Assigned task:
Since pictures are not wanted, repeat only the text of the records, word for word.

┄┄┄┄┄┄

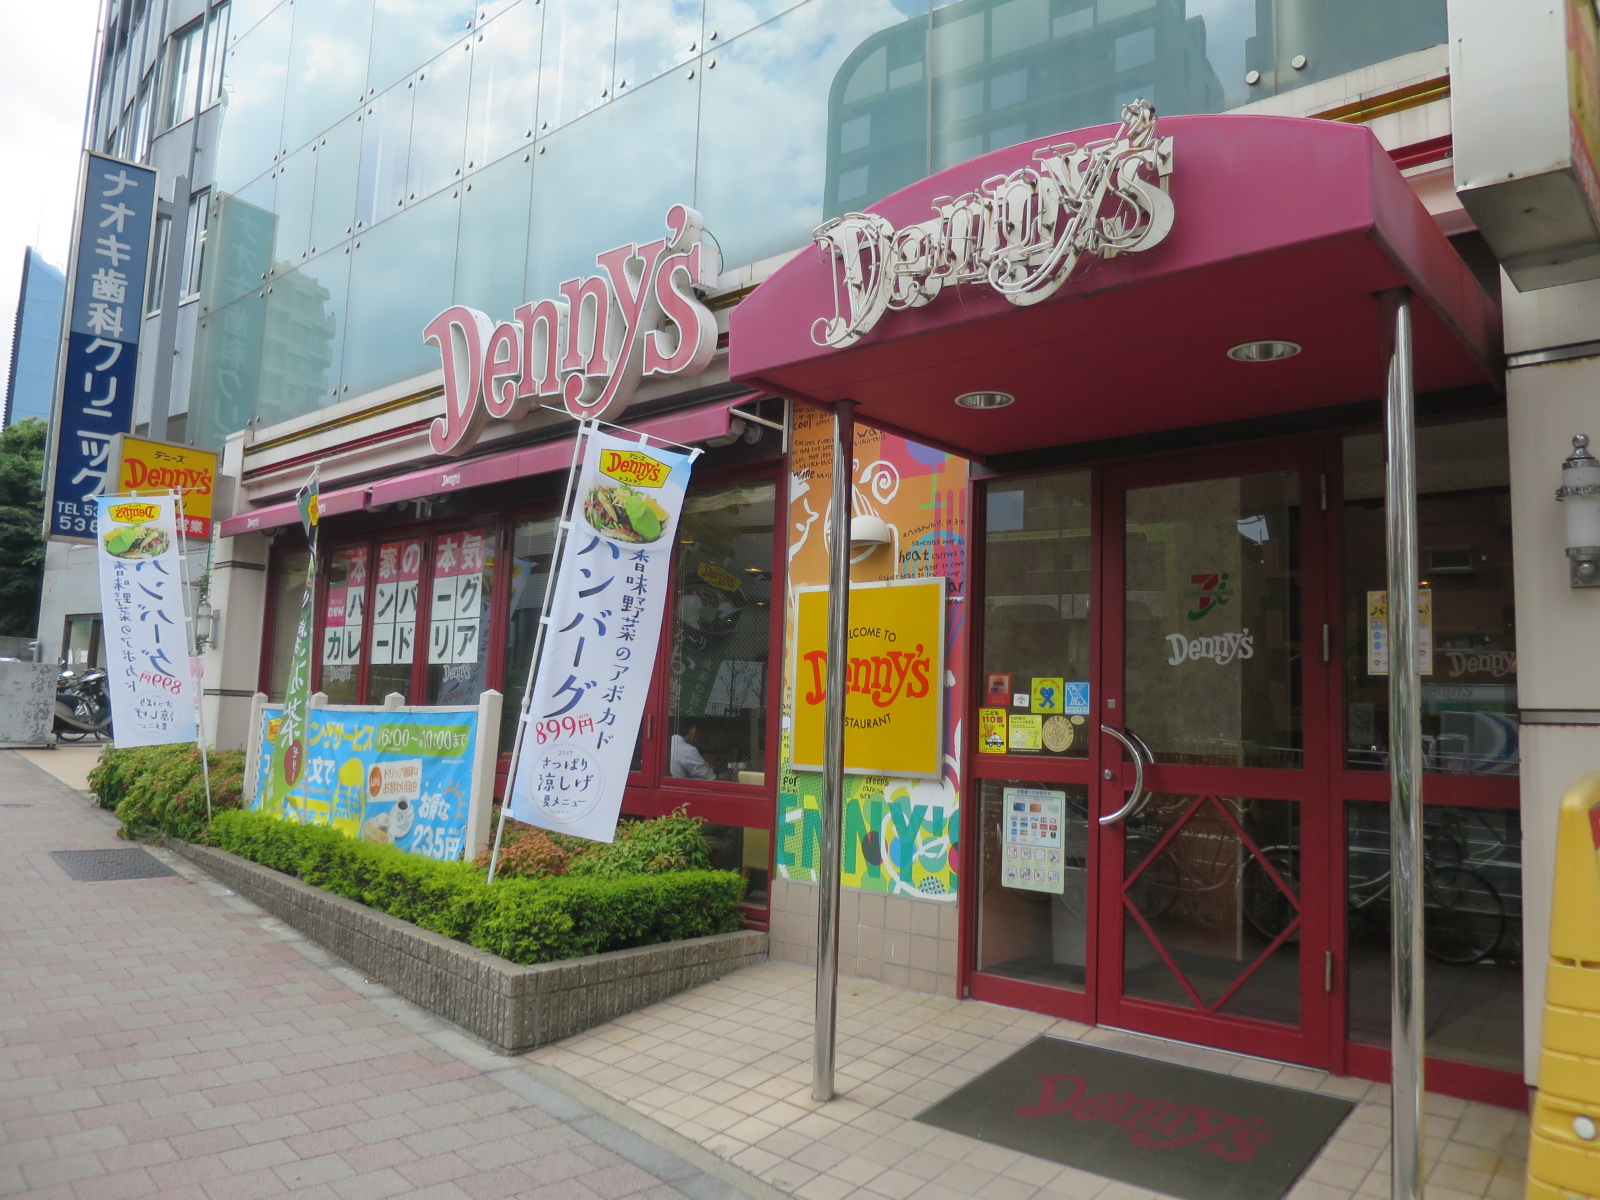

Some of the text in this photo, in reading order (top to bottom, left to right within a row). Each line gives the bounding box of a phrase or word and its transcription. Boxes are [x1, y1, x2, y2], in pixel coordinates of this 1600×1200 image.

[811, 99, 1176, 349] Denny's
[71, 170, 138, 502] ナオキ歯科クリニック
[423, 204, 718, 456] Denny's
[154, 451, 187, 464] デニーズ
[606, 453, 661, 482] Denny's
[123, 458, 212, 496] Denny's
[57, 501, 80, 516] TEL
[351, 535, 483, 583] 本家の本気
[899, 549, 930, 563] heat
[327, 605, 345, 618] new
[347, 577, 480, 619] ハンバーグ
[326, 624, 477, 660] カレードリア
[543, 536, 620, 719] ハンバーグ
[846, 627, 897, 643] LCOME TO
[596, 549, 650, 750] 香味野菜のアボカド
[1165, 627, 1254, 666] Denny's
[535, 716, 594, 745] 899円
[844, 712, 892, 729] STAURANT
[542, 757, 588, 771] さっぱり
[538, 773, 594, 792] 涼しげ
[418, 791, 451, 821] お得な
[542, 794, 587, 807] 夏メニュー
[410, 823, 461, 861] 235円
[1015, 1073, 1272, 1162] Denny's
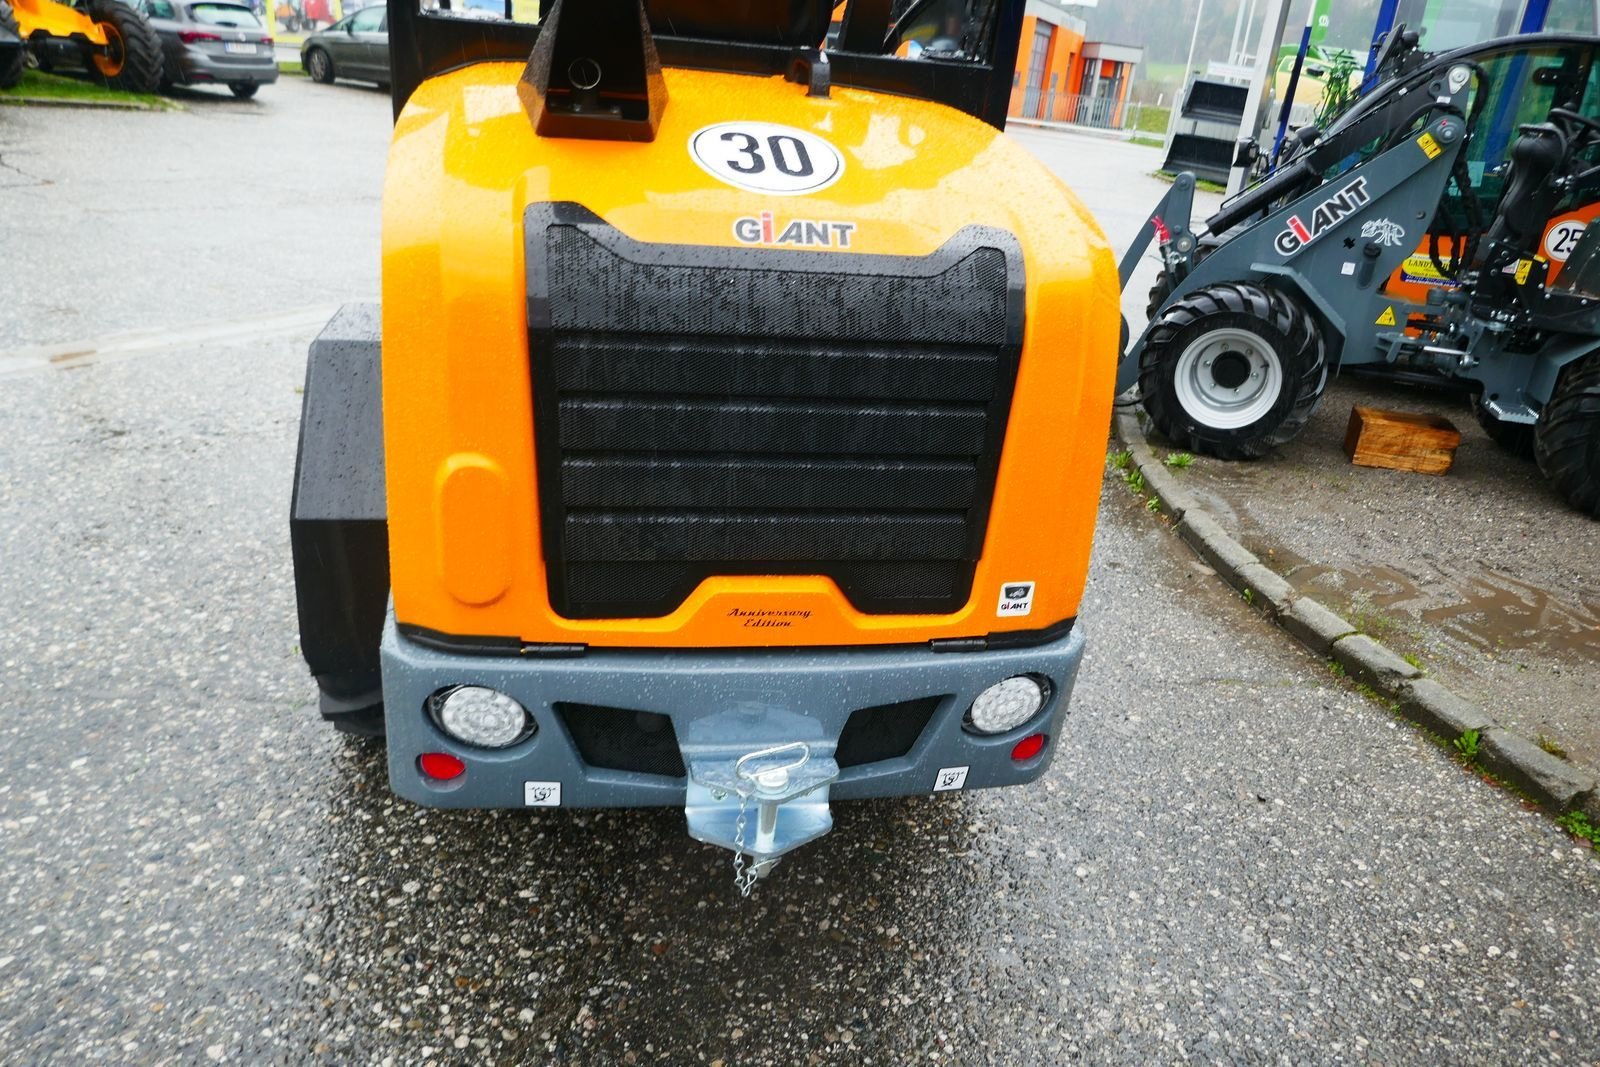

┄┄┄┄┄┄

Expected output:
Some of the text in this photo, in reading order (top to bottom, left to right within a row). Each line gives the bounding box of a phrase or word and its transcription. Boxes are [x1, y1, x2, y2], in pixel coordinates of this 1600×1200 image.

[811, 99, 1176, 349] Denny's
[71, 170, 138, 502] ナオキ歯科クリニック
[423, 204, 718, 456] Denny's
[154, 451, 187, 464] デニーズ
[606, 453, 661, 482] Denny's
[123, 458, 212, 496] Denny's
[57, 501, 80, 516] TEL
[351, 535, 483, 583] 本家の本気
[899, 549, 930, 563] heat
[327, 605, 345, 618] new
[347, 577, 480, 619] ハンバーグ
[326, 624, 477, 660] カレードリア
[543, 536, 620, 719] ハンバーグ
[846, 627, 897, 643] LCOME TO
[596, 549, 650, 750] 香味野菜のアボカド
[1165, 627, 1254, 666] Denny's
[535, 716, 594, 745] 899円
[844, 712, 892, 729] STAURANT
[542, 757, 588, 771] さっぱり
[538, 773, 594, 792] 涼しげ
[418, 791, 451, 821] お得な
[542, 794, 587, 807] 夏メニュー
[410, 823, 461, 861] 235円
[1015, 1073, 1272, 1162] Denny's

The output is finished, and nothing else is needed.